High or sober, they despise lesbians and uppity women (who're the same thing). They despise gays. They despise Arabs, Asians, Blacks, Jews, Latinos, and Native Americans.

Most of all, they loathe the Whites whose parents demanded they apply themselves at school, grow up to be responsible adults, secure well-paying jobs, pay taxes, and save. 

They loathe Whites who have achieved those things, but don't acknowledge the last part: they believe only Jesus saves.

This Confederacy of Dunces has no future in our meritocracy. It belongs to a breed of ne'er-do-wells that's dying.

And as every game warden knows, a dying animal is a desperate one.

So how should you deal with a dying animal?

The best way, according to the American Veterinary Medical Association, is to provide them "peaceful release."

Because gassing, poisoning, drowning, decompression, electrocution and shooting are all deemed inhumane, according to the association, animal euthanasia via an injection of sodium pentobarbital is recommended.

But we're not speaking of animals—not literally; and anyway, we need first to administer all those millions of Covid vaccines.

So I recommend that the government mail every insurrectionist a $2,500 check and a one-way ticket to Uzbekistan.

The insurrectionists will feel right at home there, where the natives don't take kindly to women, gays, most people of color, and white adults, either.

Thursday, February 11, 2021

A Mulligan Mashup


Everyone's entitled to a mulligan.

— Sen. Mike Lee

Utah's Mike Lee told Fox News this week that Donald Trump should be forgiven for inciting violent insurrection. "Everyone's entitled to a mulligan," he said. 

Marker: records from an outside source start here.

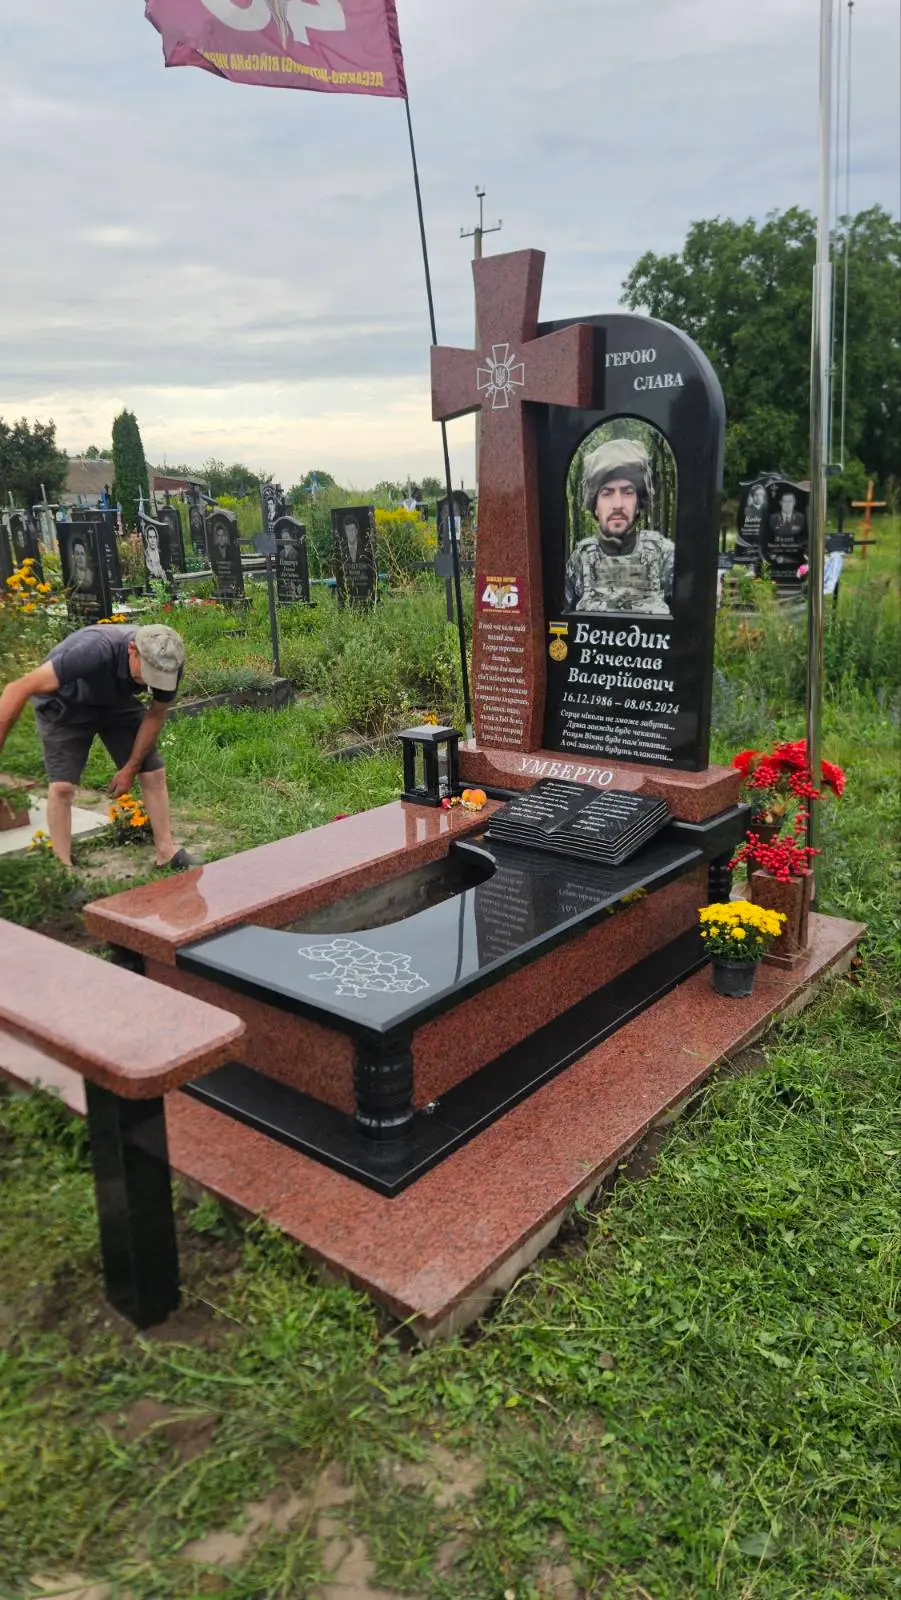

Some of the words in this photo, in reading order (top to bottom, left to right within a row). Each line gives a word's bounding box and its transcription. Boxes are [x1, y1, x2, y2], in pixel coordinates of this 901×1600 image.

[605, 348, 656, 368] ГЕРОЮ
[633, 372, 684, 390] СЛАВА
[574, 623, 671, 650] Бенедик
[568, 667, 675, 693] Валерійович
[562, 692, 613, 707] 16.12.1986
[624, 698, 680, 715] 08.05.2024
[560, 709, 580, 720] Серце
[605, 734, 621, 744] буде
[614, 726, 632, 736] буде
[518, 756, 614, 786] УМБЕРТО

Sen. Lee's reprieve isn't Trump's first. Evangelical leader Tony Perkins also gave the former president a "mulligan" for porking porn star Stormy Daniels.

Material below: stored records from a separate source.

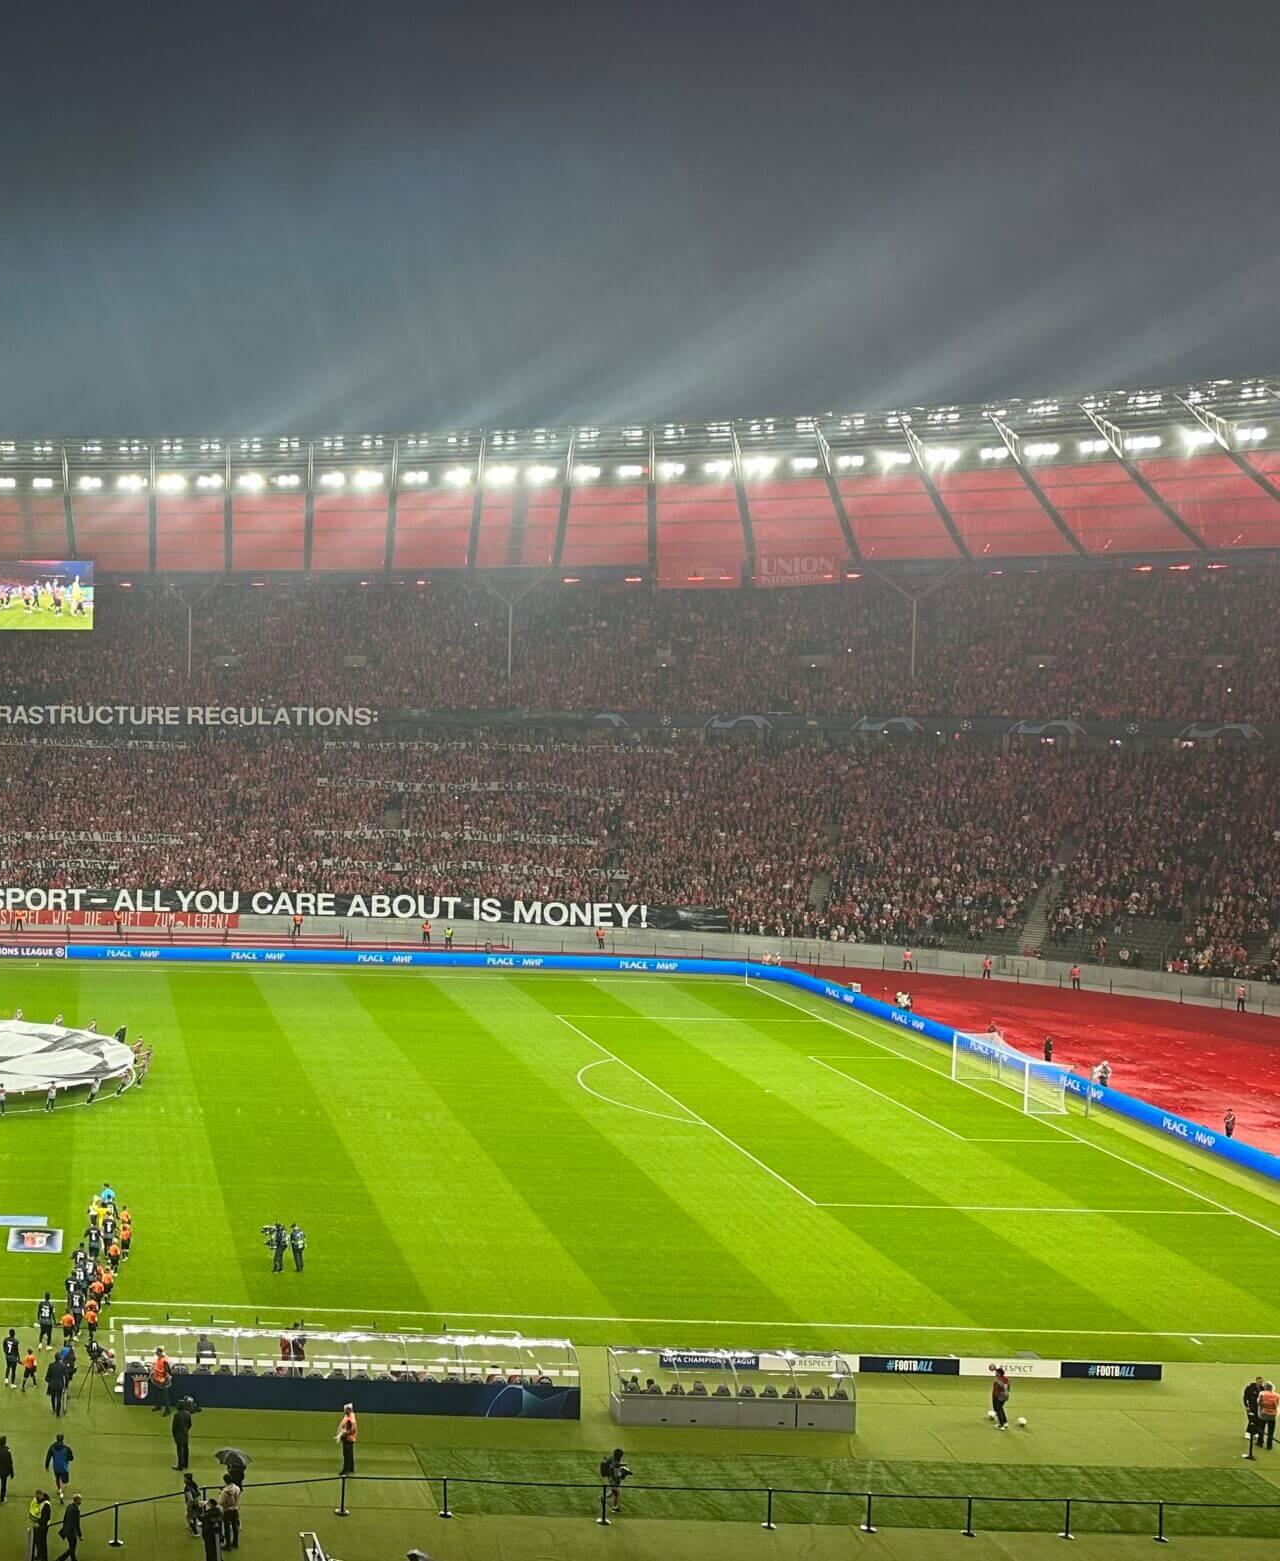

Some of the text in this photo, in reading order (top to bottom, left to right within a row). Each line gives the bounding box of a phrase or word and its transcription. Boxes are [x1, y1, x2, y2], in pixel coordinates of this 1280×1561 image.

[760, 556, 835, 575] UNION
[187, 706, 379, 726] REGULATIONS:
[371, 831, 406, 840] MEDIA
[382, 862, 395, 870] OF
[114, 889, 171, 912] ALL
[176, 890, 246, 914] YOU
[251, 892, 337, 916] CARE
[346, 894, 462, 919] ABOUT
[473, 897, 502, 922] IS
[513, 900, 648, 929] MONEY!
[52, 910, 73, 925] WIE
[83, 911, 102, 925] DIE
[154, 912, 176, 927] ZUM
[187, 913, 229, 929] LEBEN!
[21, 948, 53, 957] LEAGUE
[106, 949, 132, 957] PEACE
[231, 951, 257, 960] PEACE
[357, 954, 385, 962] PEACE
[487, 957, 513, 965] PEACE
[619, 961, 648, 969] PEACE
[890, 1011, 908, 1024] PEACE
[1162, 1117, 1216, 1148] PEACE МИР
[886, 1359, 934, 1372] #FOOTBALL
[1087, 1364, 1135, 1378] #FOOTBALL

A mulligan—meaning a "second chance"—comes from golf.

Called by Sports Illustrated "the most significant innovation in the lowering of golf scores this side of cheating," the mulligan is named after Buddy Mulligana legendary Depression-Era golfer from New Jersey who demanded a warmup shot whenever he teed off.

Anti-immigrant sentiment among Wasps—whose exclusive clubs were being "invaded" by Irish-American golfers at the time—assured mulligan stuck. They relished the name, because, in their minds, all Irishmen cheated. (The term for a second chance could just have well been a cohen.)

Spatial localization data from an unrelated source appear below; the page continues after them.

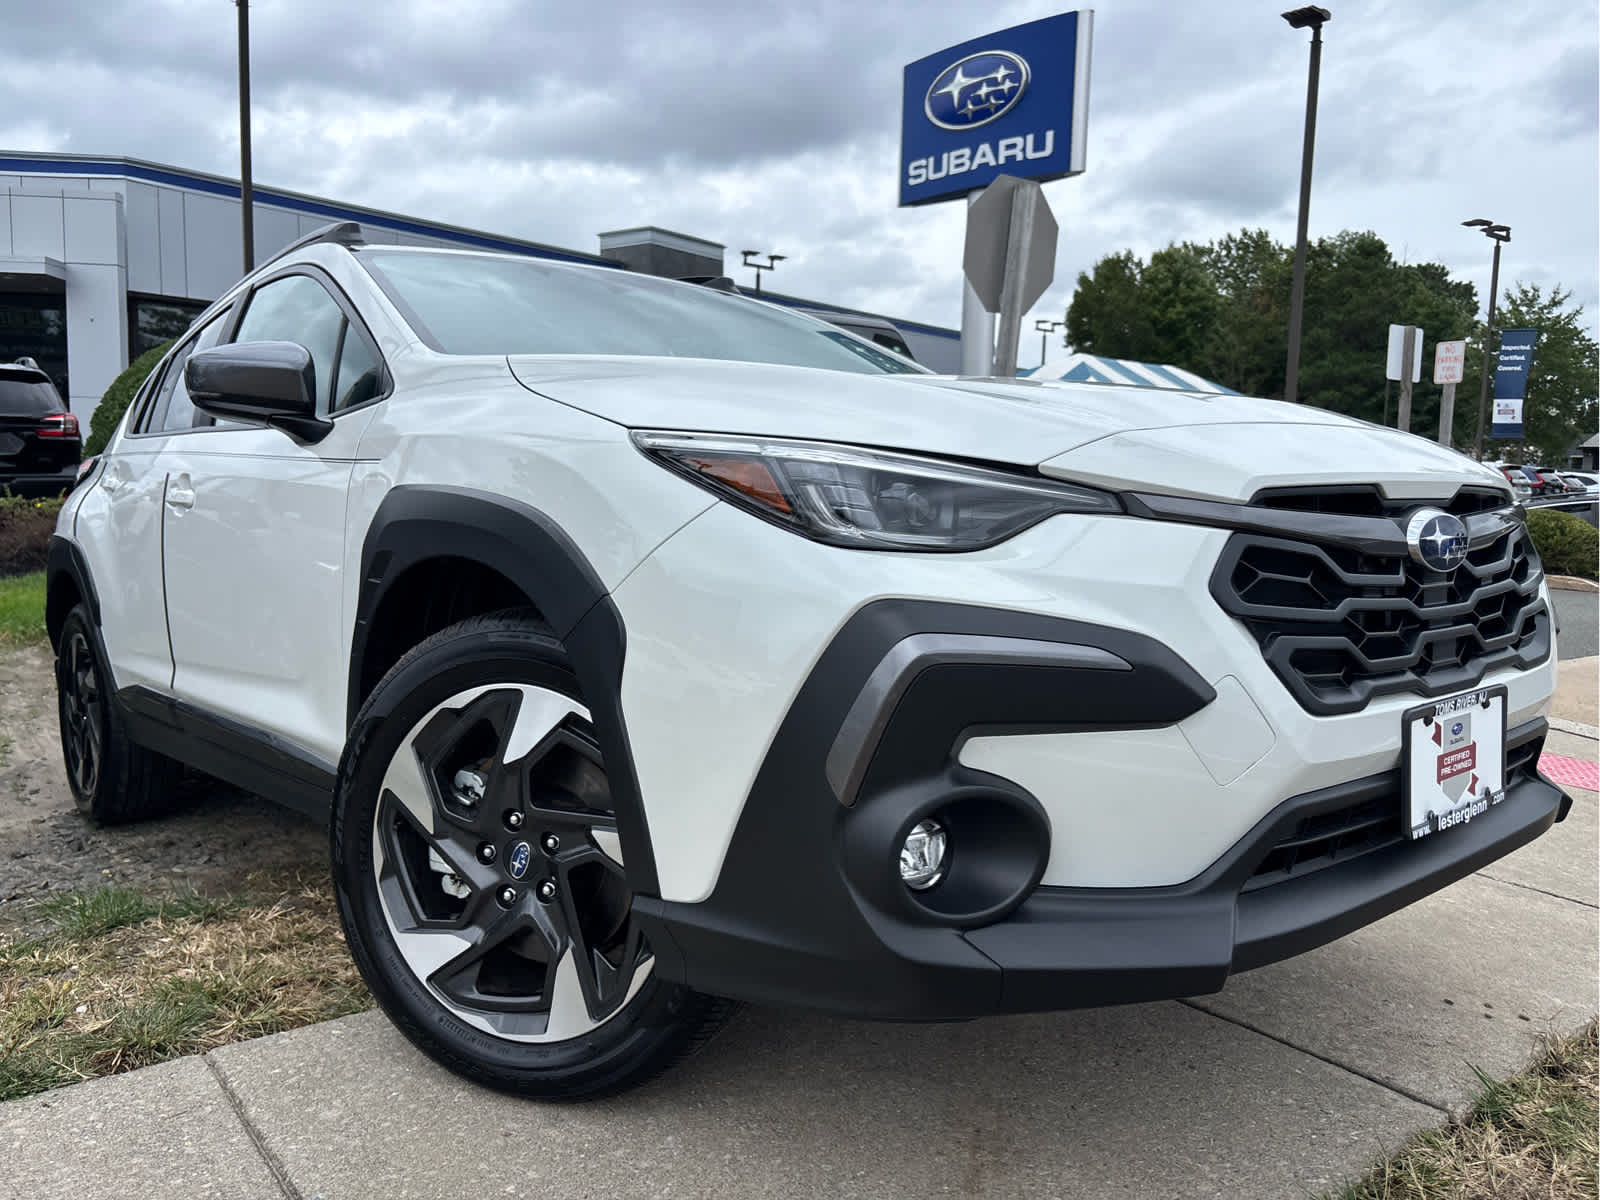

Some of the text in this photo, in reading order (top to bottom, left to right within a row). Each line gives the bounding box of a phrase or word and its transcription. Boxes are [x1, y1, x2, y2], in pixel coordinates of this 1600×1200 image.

[908, 130, 1055, 186] SUBARU
[1435, 700, 1455, 716] TOMS
[1479, 690, 1488, 704] NJ
[1440, 759, 1473, 777] PRE-OWNED
[1443, 750, 1470, 766] CERTIFIED
[1437, 799, 1488, 832] lesterglenn

Off the green as well, mulligan has a storied past, beginning in the 19th century.

In that century, barkeeps would place a bottle of whiskey on the bar for customers to sample. They called the bottle of free booze a mulligan.

Inmates called a prison guard a mulligan.

And hobos called the meat-and-potatoes stew they made mulligan

The hobos' mulligan derived from the name the nation's newspaper reporters gave to the dinners whipped up by Coxey's Army, a ragtag militia of 10,000 unemployed men who stormed the US Capitol in 1894, demanding federal jobs.

In labeling the marchers' meals mulligan, those reporters were recalling, of course, "Irish stew," a cheap chowder made from leftovers; but they were also recalling "The Mulligan Guard," a pop hit of the day written by the comedy team Harrigan and Hart

"The Mulligan Guard" mocked the low-class Irishmen who gathered in mobs to parade the streets of New York whenever they felt the urge to look tough. 

The song was based in part on an actual militia group run by James Mulligan, a horseshoer and ward-heeler active in Tammany Hall throughout the Gilded Age, and parodied the antics of the same militias Martin Scorsese depicted a century later in Gangs of New York.

Harrigan and Hart, alas, bear no relation to 20th century songwriters Rodgers and Hart, even though the latter mentioned mulligan stew in the first line of their classic "The Lady is a Tramp."